◆ **Task prompt**
Set down the data again exactly. Pictures are not part of the copy.
+++ Extracted records
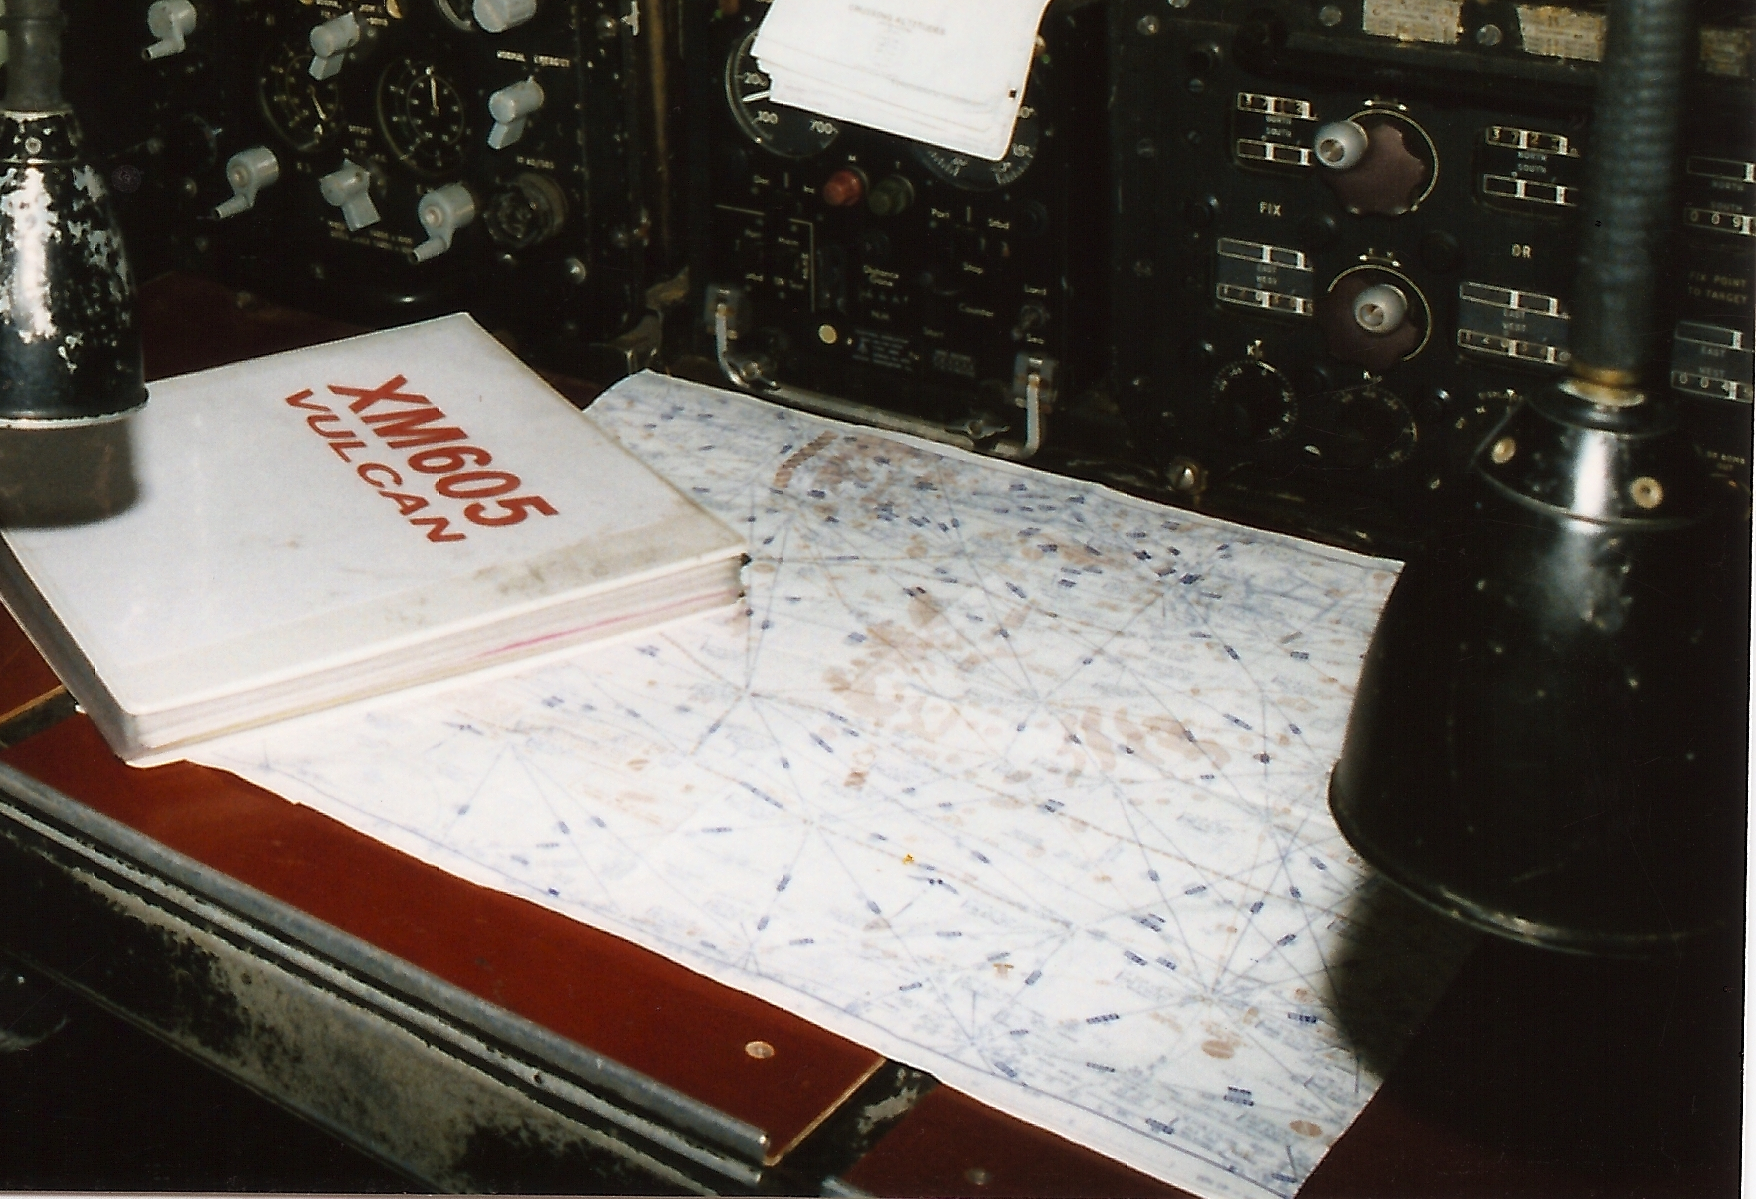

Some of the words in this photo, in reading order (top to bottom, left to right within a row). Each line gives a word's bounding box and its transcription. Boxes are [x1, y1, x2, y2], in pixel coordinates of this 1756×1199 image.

[1265, 126, 1293, 138] SOUTH
[1517, 163, 1547, 174] SOUTH
[1258, 200, 1283, 218] FIX
[1510, 243, 1533, 260] DR
[1713, 274, 1747, 288] POINT
[1704, 288, 1749, 304] TARGET
[327, 373, 560, 528] XM605
[284, 387, 468, 544] VULCAN
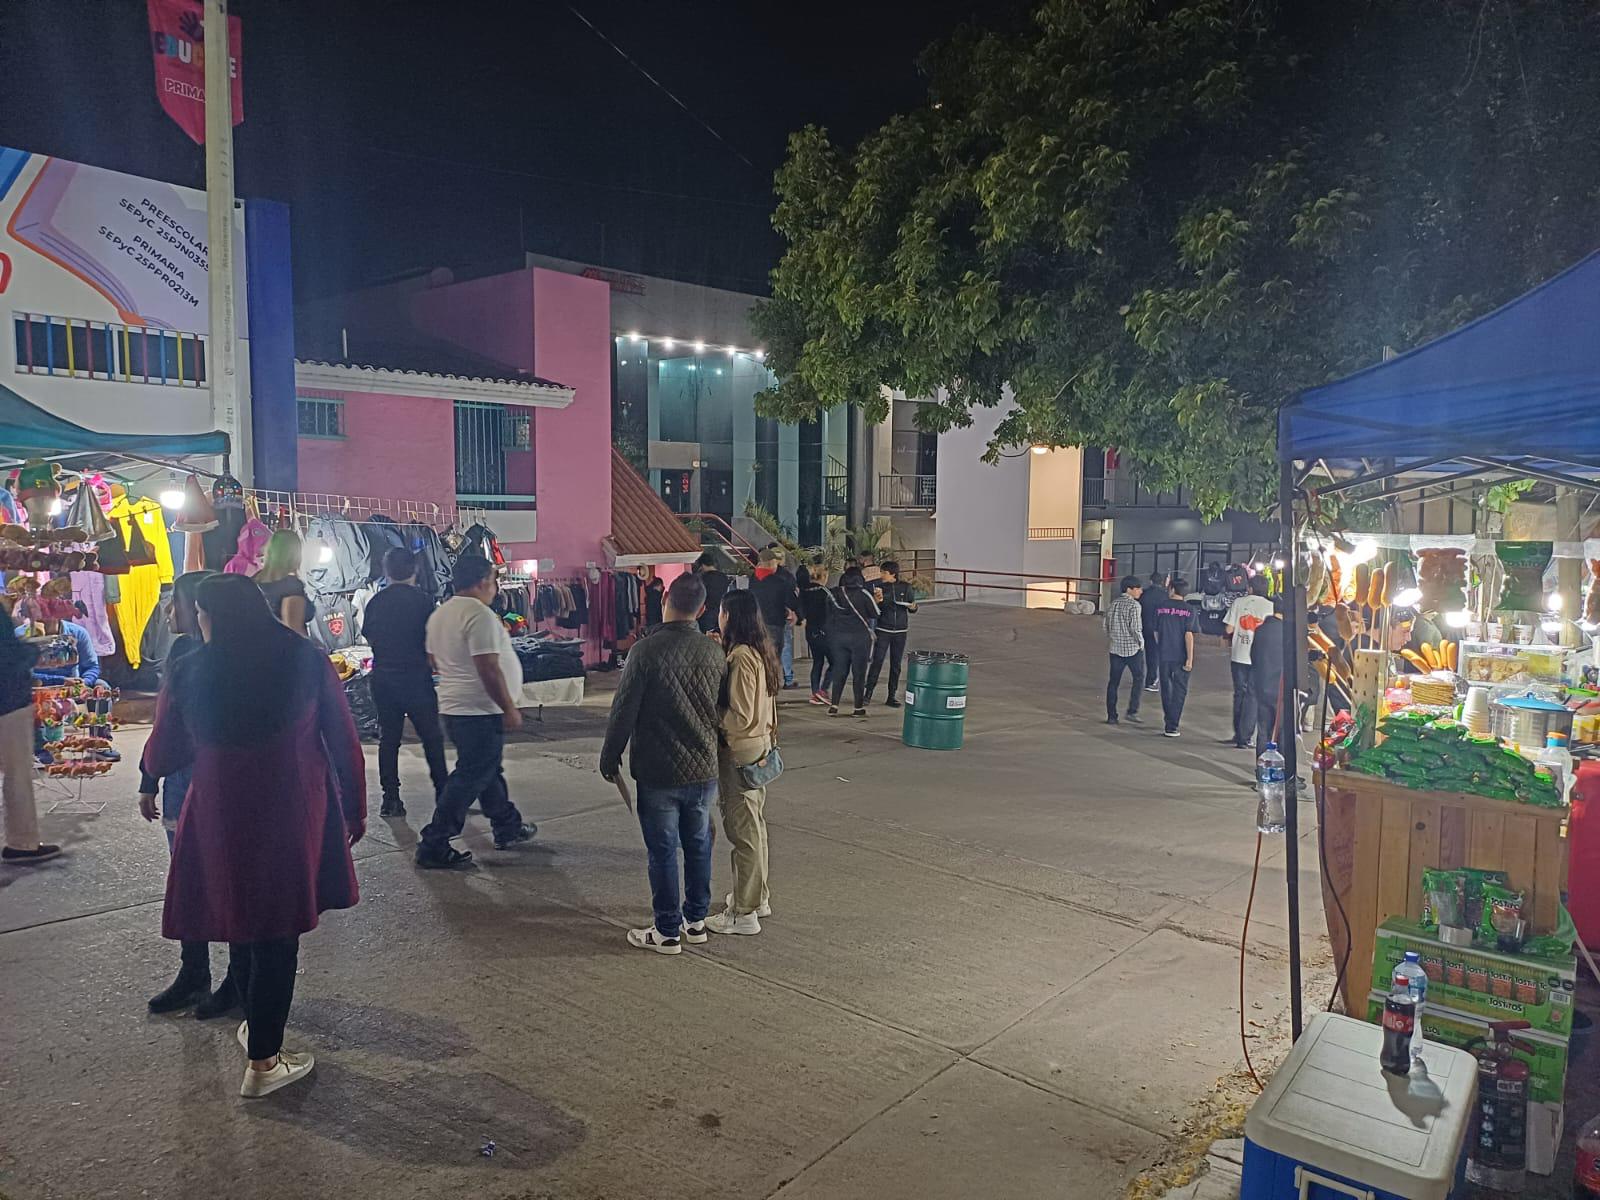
++++++
◆ **Answer area**
Some of the words in this photo, in reading order (top to bottom, left to right within a row). Each line gives a word's bounding box and its transcription. Boxes are [x1, y1, x2, y2], in pixel coordinates of this 1756×1199 image.

[1265, 126, 1293, 138] SOUTH
[1517, 163, 1547, 174] SOUTH
[1258, 200, 1283, 218] FIX
[1510, 243, 1533, 260] DR
[1713, 274, 1747, 288] POINT
[1704, 288, 1749, 304] TARGET
[327, 373, 560, 528] XM605
[284, 387, 468, 544] VULCAN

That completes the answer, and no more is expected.